The glial cells may also play a part in higher brain functions, such as consciousness.
“If the glial cells were capable of operating within circuits of their own, then it is quite possible that phenomena like mood changes or consciousness may in fact reflect glial cell activity as well as nerve cell activity,” Miller said. “There is the famous work that showed that Albert Einstein’s brain seemed to differ from the brains of other people by having more glial cells. So maybe when we get smart, we get smart because of what our glial cells do, whereas we’ve previously thought it must be the neurons doing something.”
Newman and Zahs used an intact rat retina in their experiments because the glial cells in a retina are easy to isolate. Researchers consider the retina to be a part of the brain. The researchers stimulated the cells using calcium waves, and with a special fluorescent dye they were able to see the waves spreading from one glial cell to the next.
The research took more than a year to complete.

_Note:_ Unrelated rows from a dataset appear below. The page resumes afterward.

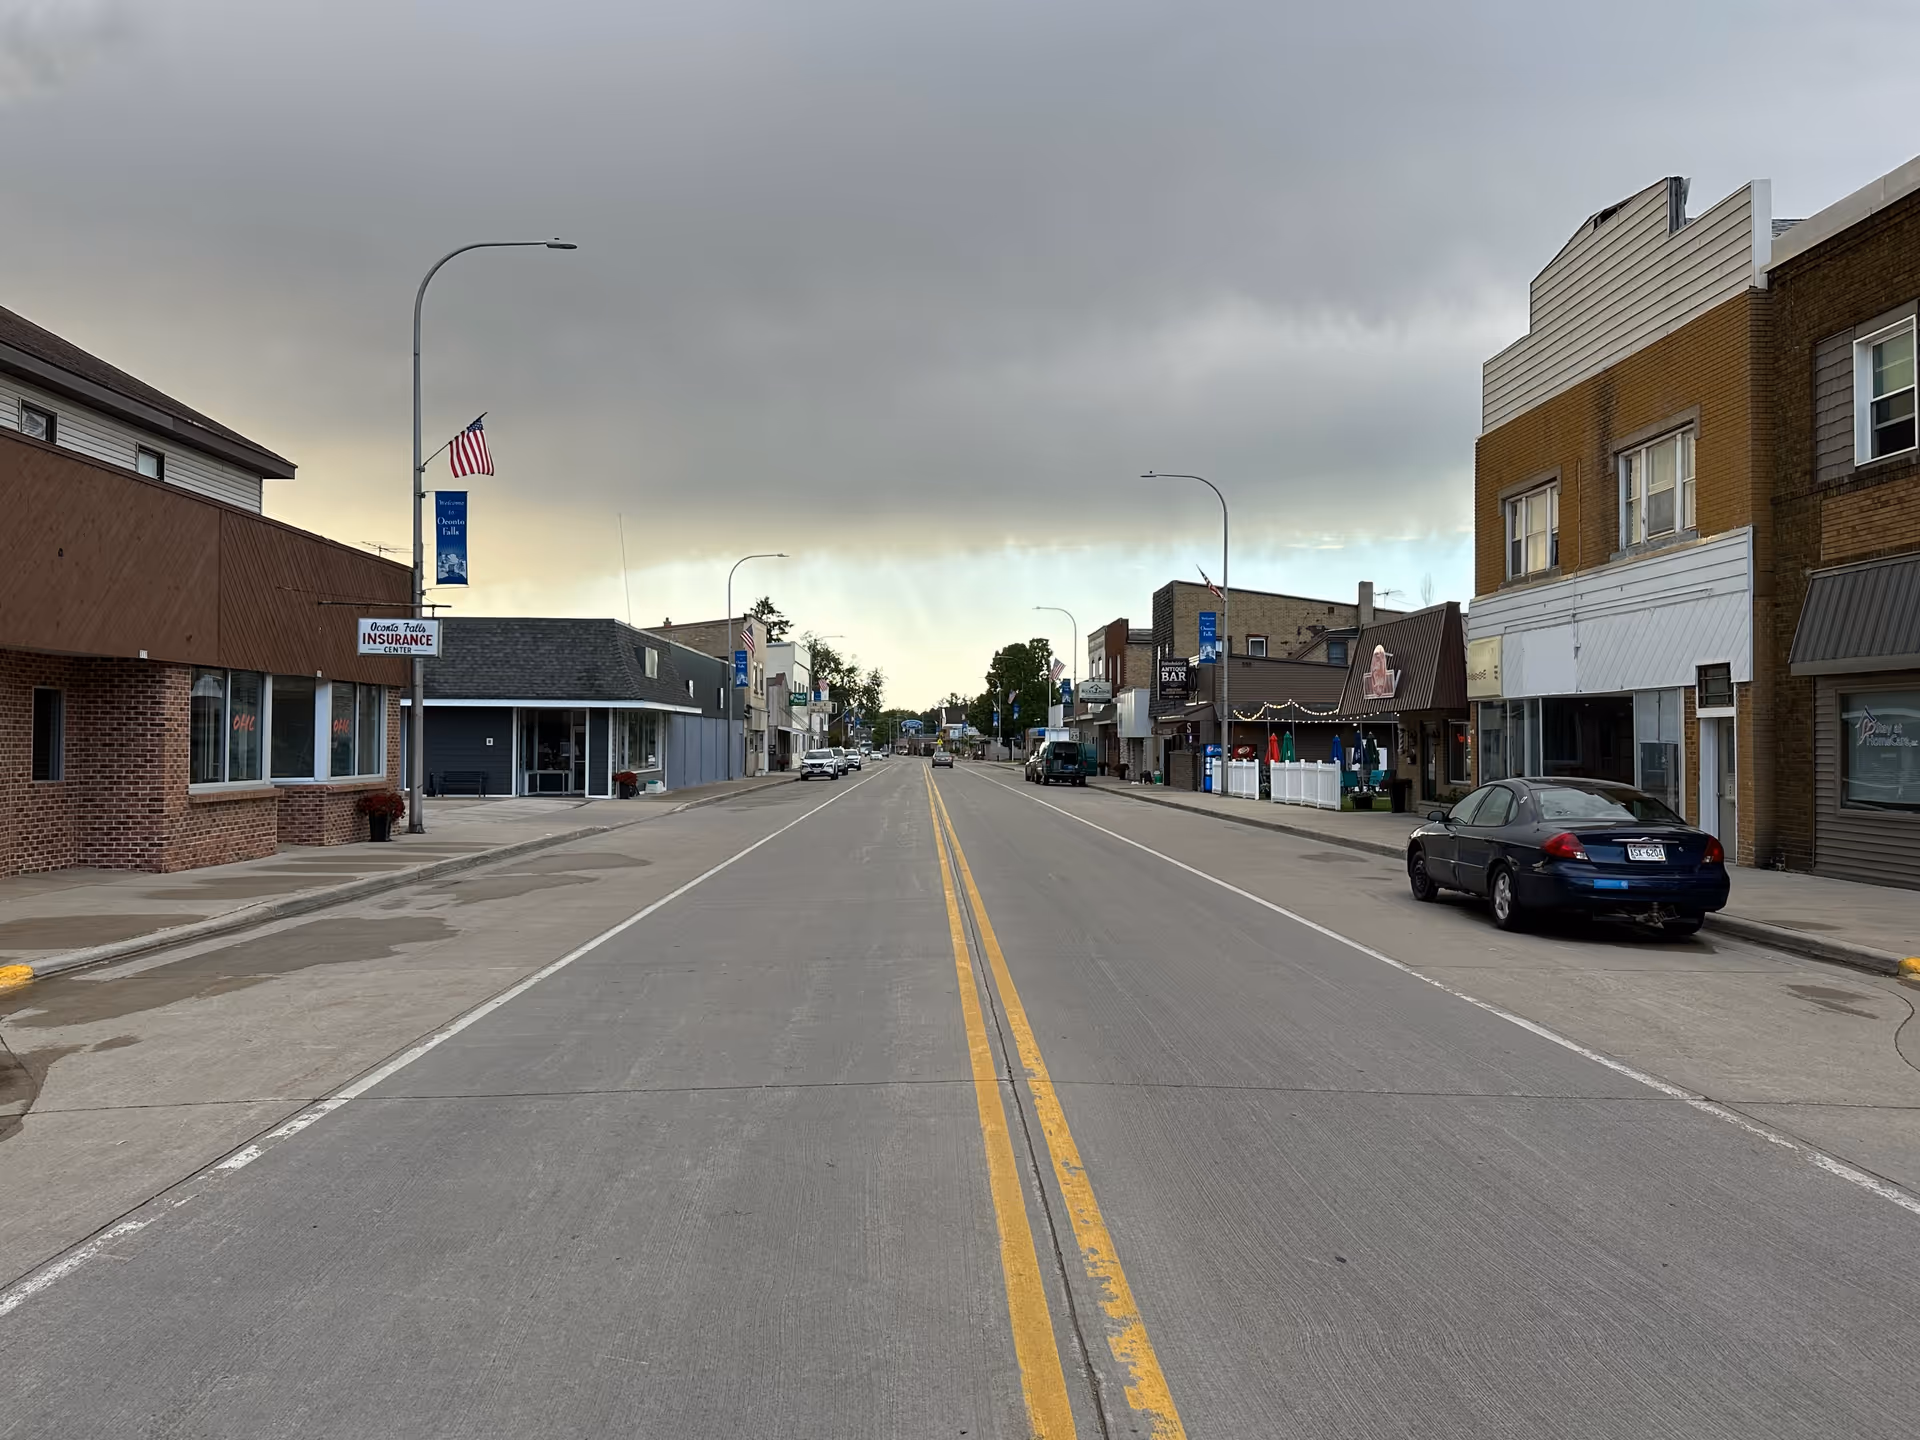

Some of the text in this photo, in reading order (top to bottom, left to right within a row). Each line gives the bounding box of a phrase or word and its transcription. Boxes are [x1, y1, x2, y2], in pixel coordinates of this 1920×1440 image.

[437, 516, 465, 525] Oconto
[442, 526, 460, 535] Falls
[370, 621, 427, 633] Oconto Falls
[362, 632, 433, 646] INSURANCE
[383, 646, 412, 654] CENTER
[1161, 671, 1187, 681] BAR
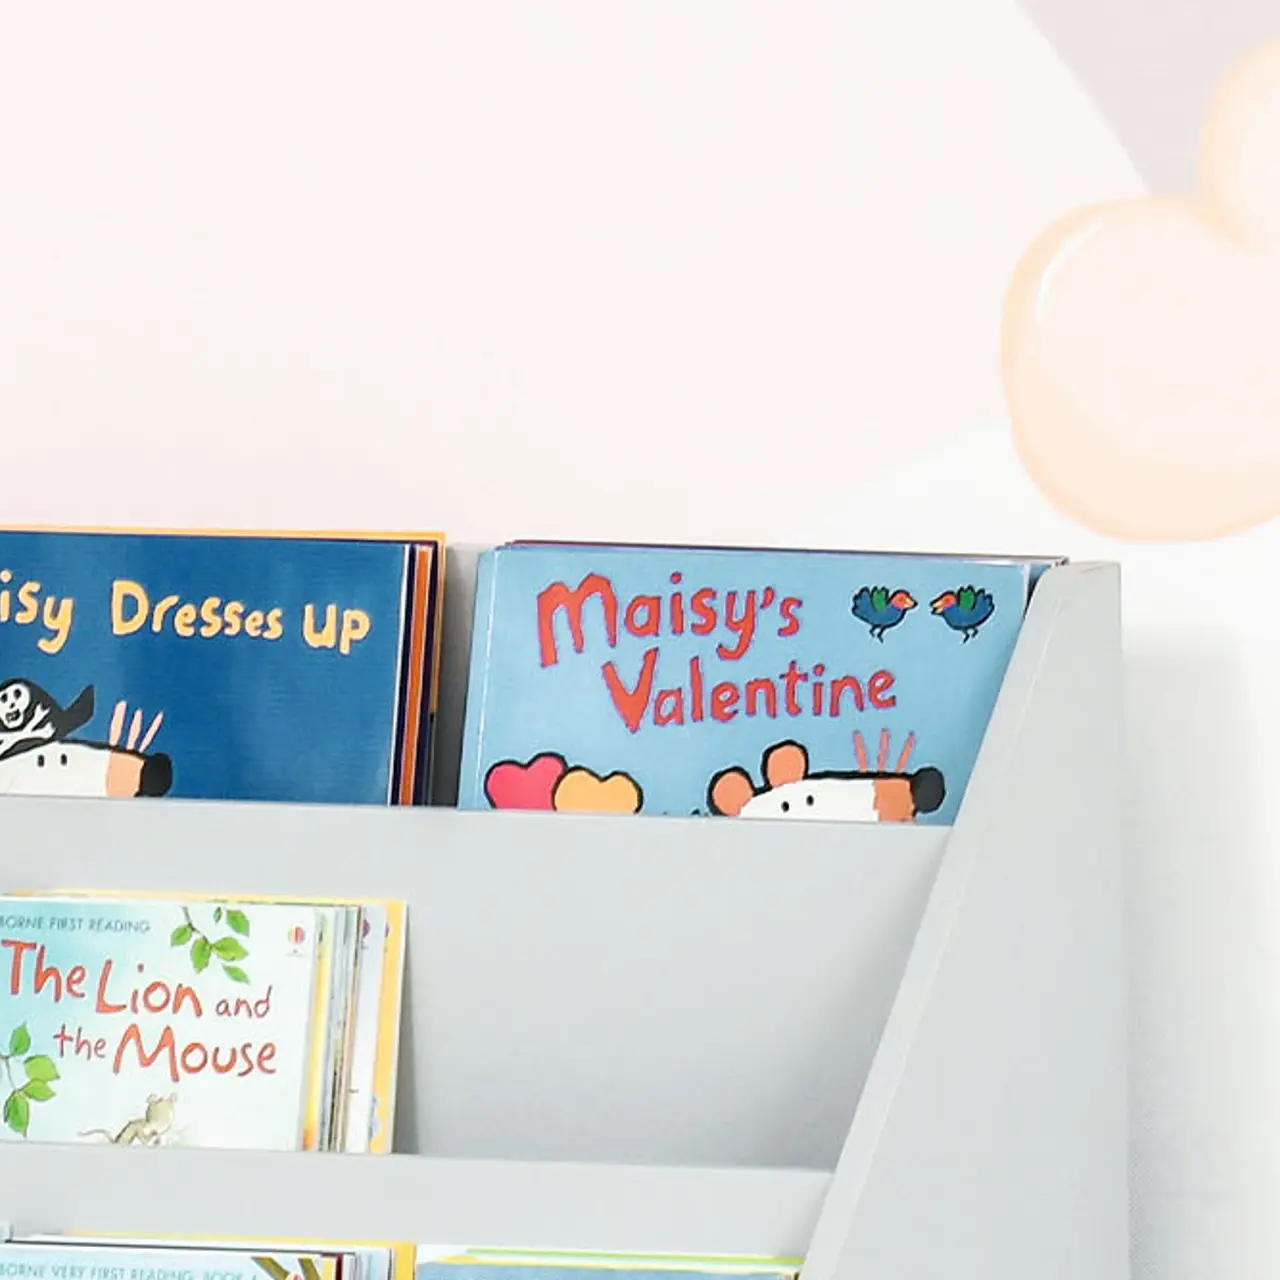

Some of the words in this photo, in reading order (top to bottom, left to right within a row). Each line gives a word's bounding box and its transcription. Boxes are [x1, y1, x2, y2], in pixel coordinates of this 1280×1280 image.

[110, 579, 285, 639] Dresses
[535, 571, 804, 668] Maisy's
[600, 647, 898, 734] Valentine
[49, 916, 83, 931] FIRST
[88, 917, 151, 933] READING
[0, 938, 87, 1002] The
[95, 959, 203, 1018] Lion
[215, 985, 273, 1018] and
[53, 1022, 107, 1061] the
[113, 1022, 277, 1083] Mouse
[51, 1265, 85, 1280] VERY
[90, 1267, 125, 1280] FIRST

“(Newman’s research) is a pretty big deal,” said Dr. Bruce Ransom, chairman of the neuroscience department at the University of Washington in Seattle and editor of the glial-cell research journal Glia. “The scientific community, overall, is very impressed by this work,” Ransom said.
Prior research indicated that glial cells might have been involved in some kind of communication, but most other researchers worked with cultured brain cells. Cultured cells are grown in the lab, rather than taken directly from an animal.
“Cultured brain cells can behave very differently than the cells do in real life in the brain, so we wanted to look at relatively intact tissue,” Zahs said.